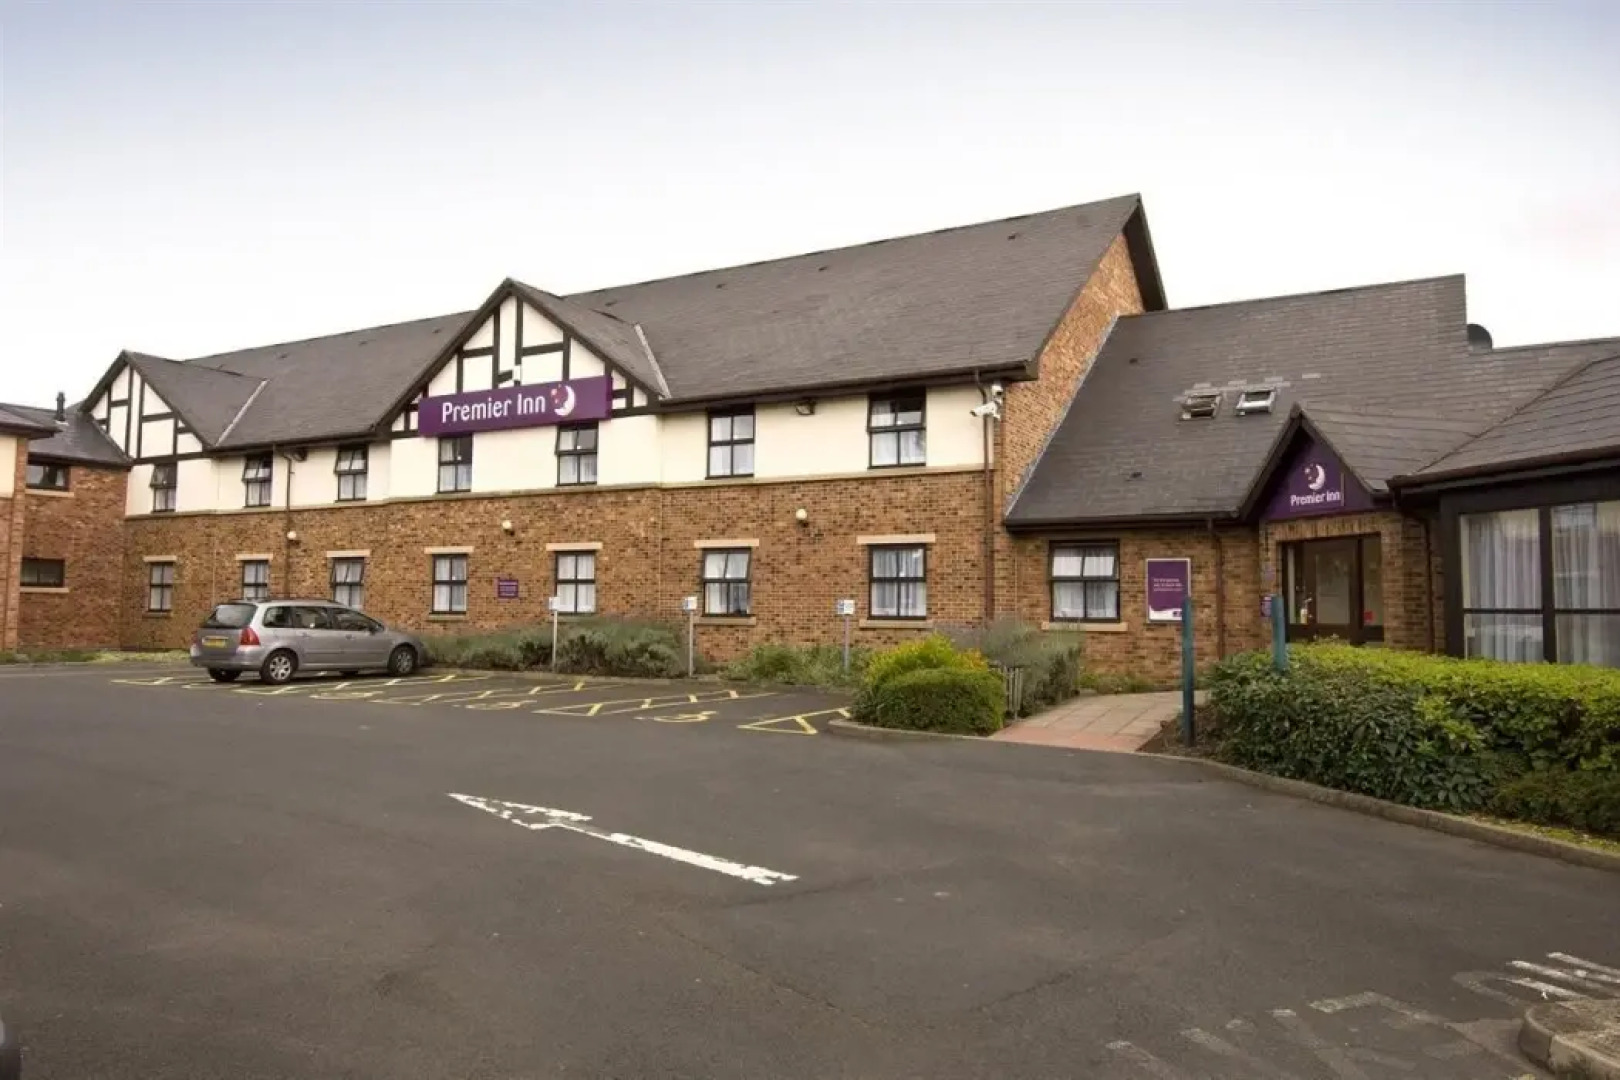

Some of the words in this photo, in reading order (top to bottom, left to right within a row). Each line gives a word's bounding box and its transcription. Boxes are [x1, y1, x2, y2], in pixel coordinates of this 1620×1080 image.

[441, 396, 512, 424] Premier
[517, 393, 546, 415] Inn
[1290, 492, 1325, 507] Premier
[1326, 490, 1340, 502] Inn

□ □ □ □ □

In your copy, please omit the pictures and print every line of the records exactly.

**Written solution**
Some of the words in this photo, in reading order (top to bottom, left to right within a row). Each line gives a word's bounding box and its transcription. Boxes are [x1, y1, x2, y2], in pixel coordinates of this 1620×1080 image.

[441, 396, 512, 424] Premier
[517, 393, 546, 415] Inn
[1290, 492, 1325, 507] Premier
[1326, 490, 1340, 502] Inn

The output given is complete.